Kymberly Nichole, Certified Wellness Coach

"Those who believe whatever the media machine pumps out are simply not accustomed to seeing it before their eyes. They have absolutely been dumbed down by media propaganda.  I have trained women at 200lbs and I have trained women at 400lbs, I am not saying everyone I have trained has been 100% healthy but I am saying that my reality consists of big bodies with big capabilities and limitless lives. They are strong, healthy women kicking ass in the world AND most come with a clean bill of health. 

 My mission is to get my fat ass out and encourage others to do the same.  I run half marathons, kick ass in triathlons and pump some serious iron at the gym to change perceptions and attitudes and I mostly do it because I CAN." -Louise Green of Body Exchange 

This is a difficult subject to approach with the majority of society because it's often met with disbelief due to the lifetime of inaccurate information we've been fed. Everything you think you know? Rethink it.

It's important to note that the creation of our health and fat concern was initially called the "Obesity Parasite." This started in the late 1800's and was concocted by the upper class in order to differentiate themselves and reclaim their social power over the lower classes. This wasn't endorsed by physicians (in fact, they fought it) until the concept became so popular that they caved from the peer pressure. It was created by the people; not the doctors. Did ya hear that? People. Not doctors. Wanna know more about the history behind why we hate ourselves? Well, GOOD NEWS!  I've compiled it and resources here.

What we believe about health and fat bodies is often inaccurate. Here. Let me blow your mind:  skinny bodies can be unhealthy. Fat bodies can be unhealthy. Skinny bodies can be healthy. And fat bodies can be healthy.What does this mean? It means we must remove weight from the health equation. Period. That leaves us to look at the other signifiers of health.

So, check out this list of symptoms:
"Increased all-cause mortality and to increased mortality from cardiovascular disease. Increased risk for myocardial infarction, stroke, and diabetes, increased high density lipoprotein cholesterol, increased systolic and diastolic blood pressure, and even suppressed immune function."

Sounds an awful lot like what we get all shamey about and pin onto fat bodies, doesn't it?
Well I'll tell ya what: it's not a list correlated with obesity, but rather a list of symptoms that comes from weight cycling.

Its a well known fact that diets don't work. We all know this, and there is a ridiculous amount of research to back it up. They last 5 years maximum, but weight is often gained back much faster. This "yo-yo dieting" (and all diets are yo-yo diets) is also called Weight Cycling and has those huge physical ramifications listed above. I find it SO odd that we have decided to shame large bodies without knowing their health and then applaud anyone who diets when doing so can be as dangerous as anything else. All while claiming that it's because we care. It's backwards as fuck, y'all.

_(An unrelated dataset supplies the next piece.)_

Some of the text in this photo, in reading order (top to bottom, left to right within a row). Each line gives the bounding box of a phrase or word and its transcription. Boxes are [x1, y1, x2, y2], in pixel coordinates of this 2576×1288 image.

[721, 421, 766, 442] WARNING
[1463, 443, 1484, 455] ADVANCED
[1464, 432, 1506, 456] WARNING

If we're REALLY concerned about someone else's health (and why are we so concerned with someone else's health again?) we wouldn't emphatically encourage dieting like we do. Seeing that 75% of women have disordered eating, 116 million American adults are dieting at any given time (Journal of American Medical Association, 2000) and 80% of 10 year olds have already started dieting, I'd say it's time we stop congratulating others for harming their bodies in pursuit of fabricated perfection.

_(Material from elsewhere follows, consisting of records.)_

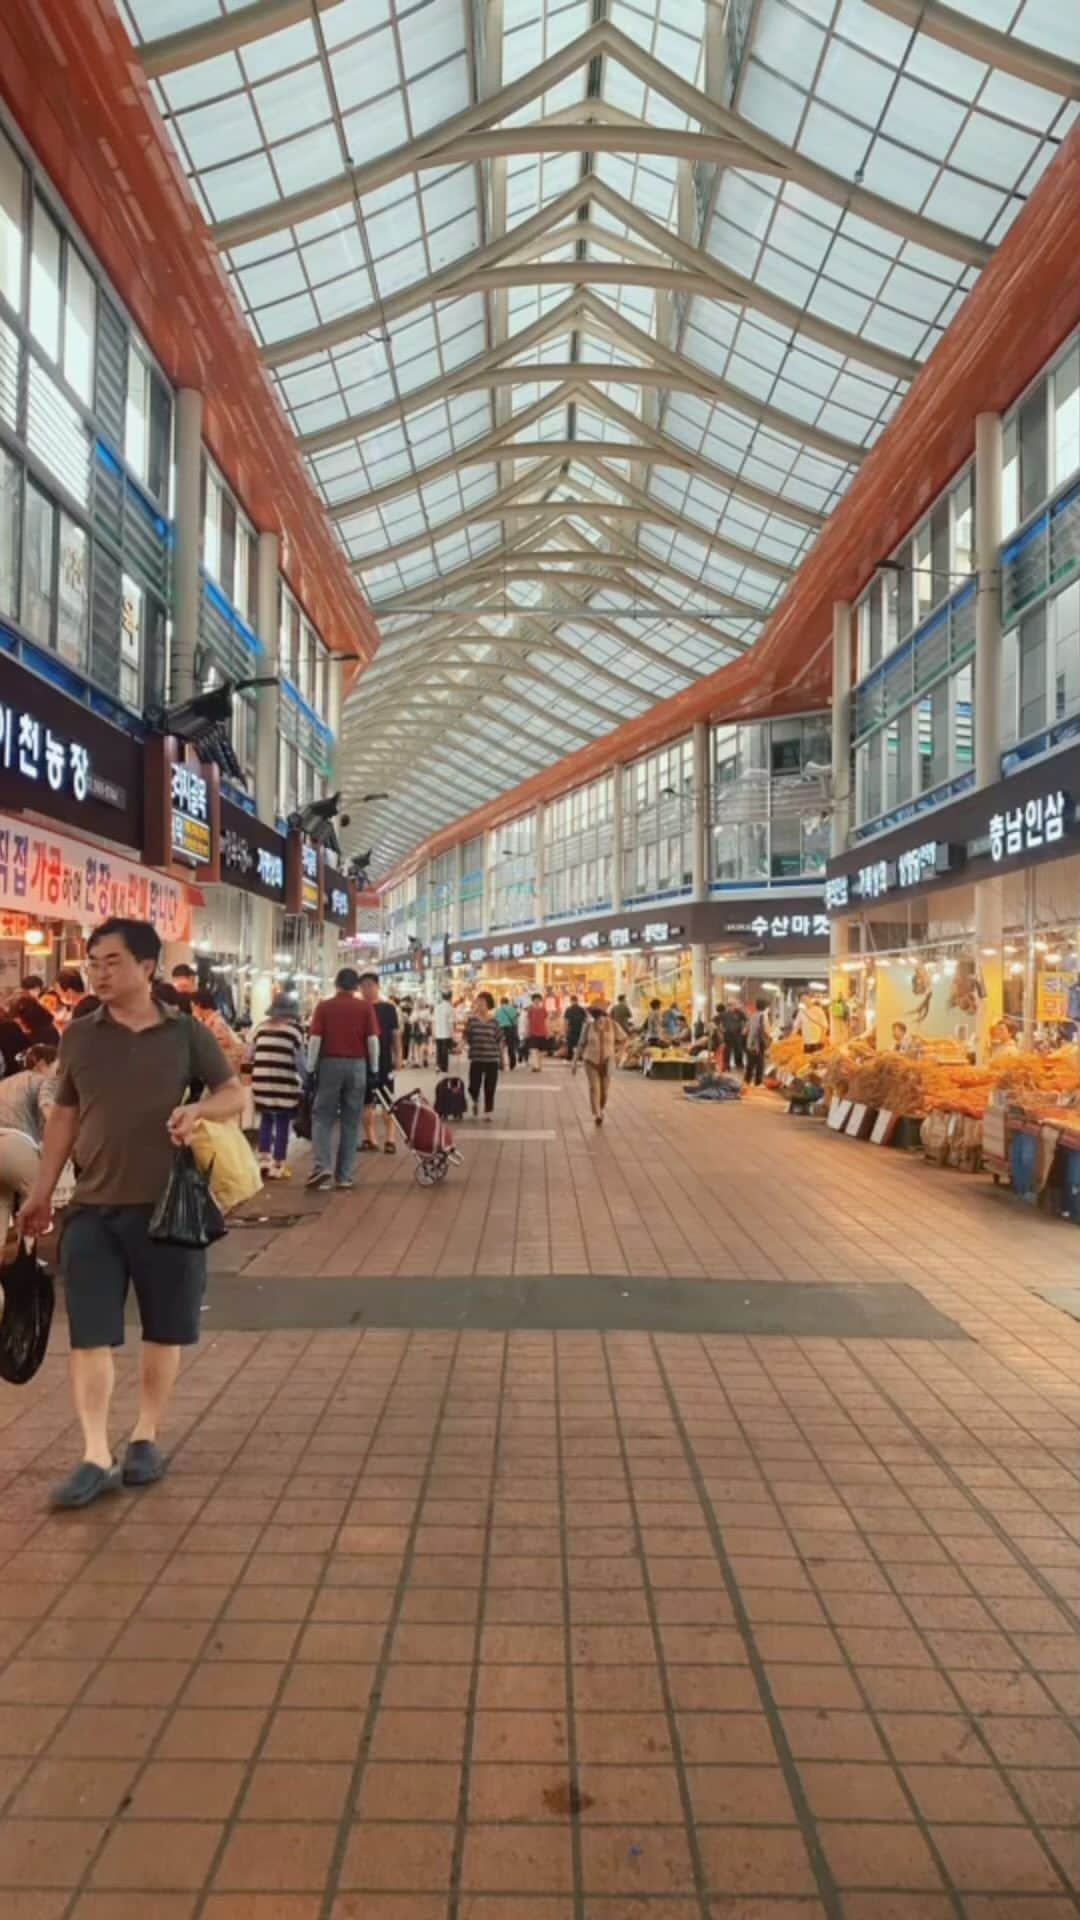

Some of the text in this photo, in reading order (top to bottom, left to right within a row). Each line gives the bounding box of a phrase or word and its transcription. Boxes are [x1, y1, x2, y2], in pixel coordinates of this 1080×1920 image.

[0, 703, 88, 800] 이천농장
[990, 791, 1065, 861] 충남인삼
[30, 840, 82, 909] 가공하여
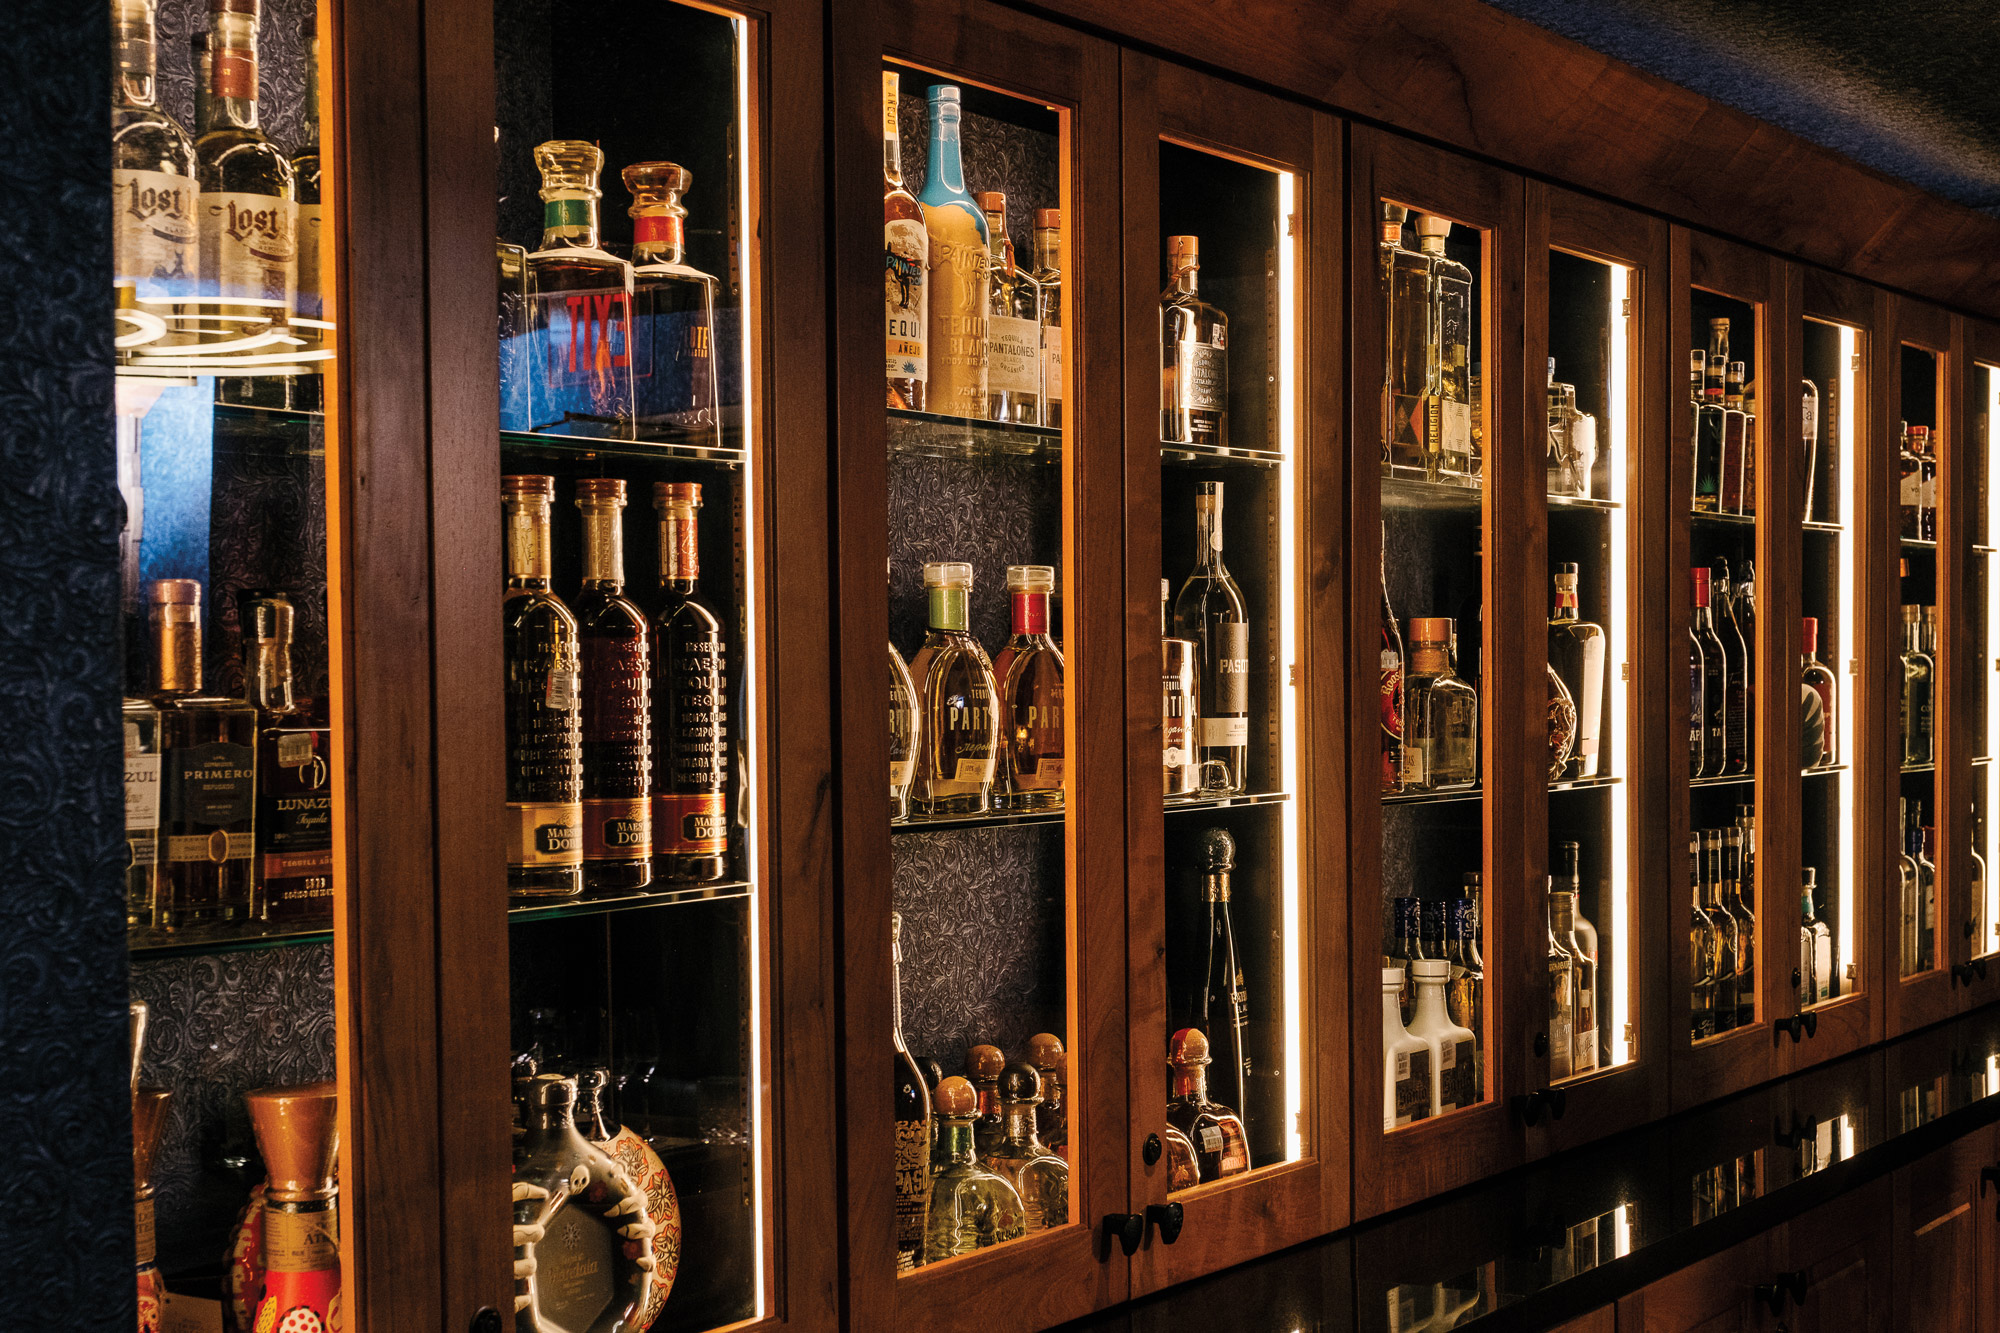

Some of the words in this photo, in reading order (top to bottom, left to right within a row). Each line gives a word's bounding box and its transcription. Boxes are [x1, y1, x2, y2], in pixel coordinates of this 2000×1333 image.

[888, 92, 897, 125] AÑEJO
[898, 342, 921, 356] AÑEJO
[989, 342, 1035, 358] PANTALONES
[1430, 404, 1440, 443] RELIGION
[184, 770, 252, 780] PRIMERO

But I'll tell ya what: in the end, a person's body is none o' your concern. Bodies are not public property, and not Society's to diagnose. What humans do with their life and body rests solely on their decisions and our culture needs to stop assuming that we are entitled to commentary. 
"ZOMG BUT WHAT ABOUT THOSE FAT PEOPLE THAT HAVE UNHEALTHY VITALS ZOMG" you ask? Allow me to repeat myself; it's none of your concern. Their body. Their rules. 

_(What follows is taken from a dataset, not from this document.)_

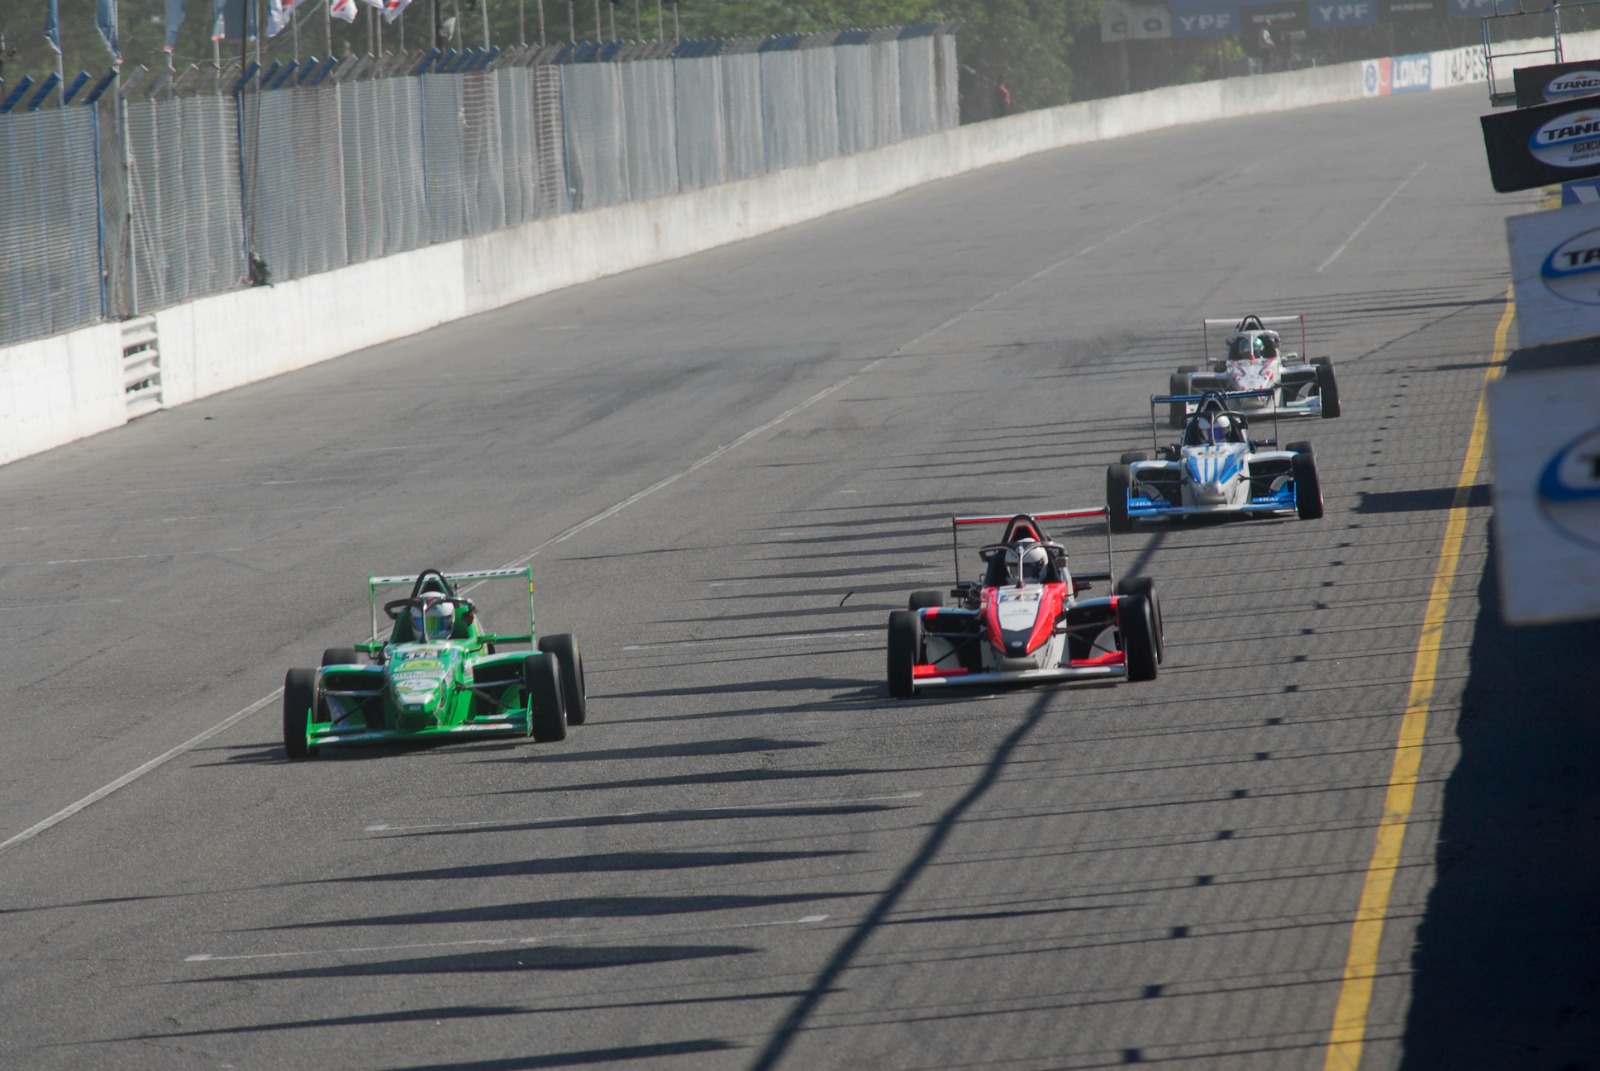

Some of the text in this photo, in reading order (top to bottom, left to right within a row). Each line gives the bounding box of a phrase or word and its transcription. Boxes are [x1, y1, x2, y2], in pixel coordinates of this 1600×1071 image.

And ya know what? Loving yourself isn't just for those who fit our standard created by the media; it's not something you have to earn. Every single person on the planet deserves the opportunity to feel good about themselves regardless of their size. Not opinion. Fact.

Get it? Got it? Good.

3. “Health at every size” seems physically impossible.
A big part of the Fat Acceptance Movement seems to be the idea of Health At Every Size, which advocates for a focus on healthy living, and not on body image. And in theory, this works, but its application is totally inconsistent. We acknowledge that someone who is anorexic is clearly not healthy at their size, and needs medical intervention, but we perpetuate the idea that a morbidly obese person could pursue an active lifestyle and remain at their size, and that saying otherwise would be “shaming” them. The truth is that weight extremes on either end are not healthy, and using rhetoric to cover up their real danger is not helping anyone. Physically, you cannot be healthy at literally any size, and sparing someone’s feelings on the matter is not going to address their immediate medical concerns.
 -From Body Respect, by Linda Bacon and Lucy Aphramor (due out in September 2014)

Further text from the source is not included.